+++ GIVEN ENTRIES
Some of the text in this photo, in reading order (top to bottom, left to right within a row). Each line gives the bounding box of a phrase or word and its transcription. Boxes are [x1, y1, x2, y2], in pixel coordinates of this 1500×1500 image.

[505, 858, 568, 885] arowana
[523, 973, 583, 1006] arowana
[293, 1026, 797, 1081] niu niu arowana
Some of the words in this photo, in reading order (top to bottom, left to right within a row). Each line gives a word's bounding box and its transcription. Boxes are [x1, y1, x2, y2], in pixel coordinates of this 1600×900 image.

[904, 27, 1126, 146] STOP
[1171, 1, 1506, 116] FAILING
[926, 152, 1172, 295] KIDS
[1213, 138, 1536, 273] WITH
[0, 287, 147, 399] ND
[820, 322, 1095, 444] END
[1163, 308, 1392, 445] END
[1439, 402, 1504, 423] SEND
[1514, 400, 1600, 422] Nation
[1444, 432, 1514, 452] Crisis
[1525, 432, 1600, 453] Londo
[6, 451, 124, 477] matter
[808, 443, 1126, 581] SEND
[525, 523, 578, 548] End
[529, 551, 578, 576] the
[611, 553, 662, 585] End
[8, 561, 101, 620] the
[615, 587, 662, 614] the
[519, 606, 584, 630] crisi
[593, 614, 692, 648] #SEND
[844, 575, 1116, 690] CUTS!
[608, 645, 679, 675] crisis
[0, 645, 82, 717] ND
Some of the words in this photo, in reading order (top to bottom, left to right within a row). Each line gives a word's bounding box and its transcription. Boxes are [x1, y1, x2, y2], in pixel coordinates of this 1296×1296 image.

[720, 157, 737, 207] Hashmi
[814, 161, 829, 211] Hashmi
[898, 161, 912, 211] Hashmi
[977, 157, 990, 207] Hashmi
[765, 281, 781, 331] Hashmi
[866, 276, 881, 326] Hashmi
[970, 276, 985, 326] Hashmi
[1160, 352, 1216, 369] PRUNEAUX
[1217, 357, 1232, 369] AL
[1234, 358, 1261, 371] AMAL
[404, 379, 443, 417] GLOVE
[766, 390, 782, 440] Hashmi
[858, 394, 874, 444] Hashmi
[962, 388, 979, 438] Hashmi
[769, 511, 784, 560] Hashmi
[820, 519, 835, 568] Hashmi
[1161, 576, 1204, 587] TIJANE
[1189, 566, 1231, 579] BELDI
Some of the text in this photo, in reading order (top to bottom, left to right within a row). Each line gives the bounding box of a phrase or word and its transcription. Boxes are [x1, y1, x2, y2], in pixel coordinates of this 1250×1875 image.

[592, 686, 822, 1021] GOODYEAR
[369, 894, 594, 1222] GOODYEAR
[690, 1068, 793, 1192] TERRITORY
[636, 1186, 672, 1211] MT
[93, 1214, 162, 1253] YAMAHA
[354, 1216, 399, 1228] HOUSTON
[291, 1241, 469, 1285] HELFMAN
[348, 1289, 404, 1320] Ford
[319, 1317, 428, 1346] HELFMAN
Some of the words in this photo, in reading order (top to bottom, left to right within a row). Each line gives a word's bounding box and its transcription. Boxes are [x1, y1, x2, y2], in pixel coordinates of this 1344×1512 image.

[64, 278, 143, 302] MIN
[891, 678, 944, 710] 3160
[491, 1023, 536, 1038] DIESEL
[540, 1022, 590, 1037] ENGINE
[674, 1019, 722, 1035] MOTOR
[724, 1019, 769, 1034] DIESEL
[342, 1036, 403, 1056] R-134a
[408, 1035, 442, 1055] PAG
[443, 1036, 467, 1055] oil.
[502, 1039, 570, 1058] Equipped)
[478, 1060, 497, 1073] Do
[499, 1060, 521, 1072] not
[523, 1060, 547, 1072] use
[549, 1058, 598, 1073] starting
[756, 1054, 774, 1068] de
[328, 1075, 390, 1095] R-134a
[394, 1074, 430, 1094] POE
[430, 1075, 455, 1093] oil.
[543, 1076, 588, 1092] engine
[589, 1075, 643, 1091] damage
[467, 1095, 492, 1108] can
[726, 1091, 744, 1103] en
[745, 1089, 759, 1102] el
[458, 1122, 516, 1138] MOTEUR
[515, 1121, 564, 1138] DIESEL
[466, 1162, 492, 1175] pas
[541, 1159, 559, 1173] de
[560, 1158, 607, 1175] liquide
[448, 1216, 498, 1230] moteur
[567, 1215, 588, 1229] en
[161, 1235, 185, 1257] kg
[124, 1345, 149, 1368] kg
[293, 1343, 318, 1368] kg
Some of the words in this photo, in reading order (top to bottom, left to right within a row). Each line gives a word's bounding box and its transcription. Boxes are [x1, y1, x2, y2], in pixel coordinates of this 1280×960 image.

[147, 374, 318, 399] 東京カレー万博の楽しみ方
++++++
Would you return each entry exactly as it reads?

◆ **RESULT FOR THIS TASK**
Some of the text in this photo, in reading order (top to bottom, left to right within a row). Each line gives the bounding box of a phrase or word and its transcription. Boxes are [x1, y1, x2, y2], in pixel coordinates of this 1500×1500 image.

[505, 858, 568, 885] arowana
[523, 973, 583, 1006] arowana
[293, 1026, 797, 1081] niu niu arowana
Some of the words in this photo, in reading order (top to bottom, left to right within a row). Each line gives a word's bounding box and its transcription. Boxes are [x1, y1, x2, y2], in pixel coordinates of this 1600×900 image.

[904, 27, 1126, 146] STOP
[1171, 1, 1506, 116] FAILING
[926, 152, 1172, 295] KIDS
[1213, 138, 1536, 273] WITH
[0, 287, 147, 399] ND
[820, 322, 1095, 444] END
[1163, 308, 1392, 445] END
[1439, 402, 1504, 423] SEND
[1514, 400, 1600, 422] Nation
[1444, 432, 1514, 452] Crisis
[1525, 432, 1600, 453] Londo
[6, 451, 124, 477] matter
[808, 443, 1126, 581] SEND
[525, 523, 578, 548] End
[529, 551, 578, 576] the
[611, 553, 662, 585] End
[8, 561, 101, 620] the
[615, 587, 662, 614] the
[519, 606, 584, 630] crisi
[593, 614, 692, 648] #SEND
[844, 575, 1116, 690] CUTS!
[608, 645, 679, 675] crisis
[0, 645, 82, 717] ND
Some of the words in this photo, in reading order (top to bottom, left to right within a row). Each line gives a word's bounding box and its transcription. Boxes are [x1, y1, x2, y2], in pixel coordinates of this 1296×1296 image.

[720, 157, 737, 207] Hashmi
[814, 161, 829, 211] Hashmi
[898, 161, 912, 211] Hashmi
[977, 157, 990, 207] Hashmi
[765, 281, 781, 331] Hashmi
[866, 276, 881, 326] Hashmi
[970, 276, 985, 326] Hashmi
[1160, 352, 1216, 369] PRUNEAUX
[1217, 357, 1232, 369] AL
[1234, 358, 1261, 371] AMAL
[404, 379, 443, 417] GLOVE
[766, 390, 782, 440] Hashmi
[858, 394, 874, 444] Hashmi
[962, 388, 979, 438] Hashmi
[769, 511, 784, 560] Hashmi
[820, 519, 835, 568] Hashmi
[1161, 576, 1204, 587] TIJANE
[1189, 566, 1231, 579] BELDI
Some of the text in this photo, in reading order (top to bottom, left to right within a row). Each line gives the bounding box of a phrase or word and its transcription. Boxes are [x1, y1, x2, y2], in pixel coordinates of this 1250×1875 image.

[592, 686, 822, 1021] GOODYEAR
[369, 894, 594, 1222] GOODYEAR
[690, 1068, 793, 1192] TERRITORY
[636, 1186, 672, 1211] MT
[93, 1214, 162, 1253] YAMAHA
[354, 1216, 399, 1228] HOUSTON
[291, 1241, 469, 1285] HELFMAN
[348, 1289, 404, 1320] Ford
[319, 1317, 428, 1346] HELFMAN
Some of the words in this photo, in reading order (top to bottom, left to right within a row). Each line gives a word's bounding box and its transcription. Boxes are [x1, y1, x2, y2], in pixel coordinates of this 1344×1512 image.

[64, 278, 143, 302] MIN
[891, 678, 944, 710] 3160
[491, 1023, 536, 1038] DIESEL
[540, 1022, 590, 1037] ENGINE
[674, 1019, 722, 1035] MOTOR
[724, 1019, 769, 1034] DIESEL
[342, 1036, 403, 1056] R-134a
[408, 1035, 442, 1055] PAG
[443, 1036, 467, 1055] oil.
[502, 1039, 570, 1058] Equipped)
[478, 1060, 497, 1073] Do
[499, 1060, 521, 1072] not
[523, 1060, 547, 1072] use
[549, 1058, 598, 1073] starting
[756, 1054, 774, 1068] de
[328, 1075, 390, 1095] R-134a
[394, 1074, 430, 1094] POE
[430, 1075, 455, 1093] oil.
[543, 1076, 588, 1092] engine
[589, 1075, 643, 1091] damage
[467, 1095, 492, 1108] can
[726, 1091, 744, 1103] en
[745, 1089, 759, 1102] el
[458, 1122, 516, 1138] MOTEUR
[515, 1121, 564, 1138] DIESEL
[466, 1162, 492, 1175] pas
[541, 1159, 559, 1173] de
[560, 1158, 607, 1175] liquide
[448, 1216, 498, 1230] moteur
[567, 1215, 588, 1229] en
[161, 1235, 185, 1257] kg
[124, 1345, 149, 1368] kg
[293, 1343, 318, 1368] kg
Some of the words in this photo, in reading order (top to bottom, left to right within a row). Each line gives a word's bounding box and its transcription. Boxes are [x1, y1, x2, y2], in pixel coordinates of this 1280×960 image.

[147, 374, 318, 399] 東京カレー万博の楽しみ方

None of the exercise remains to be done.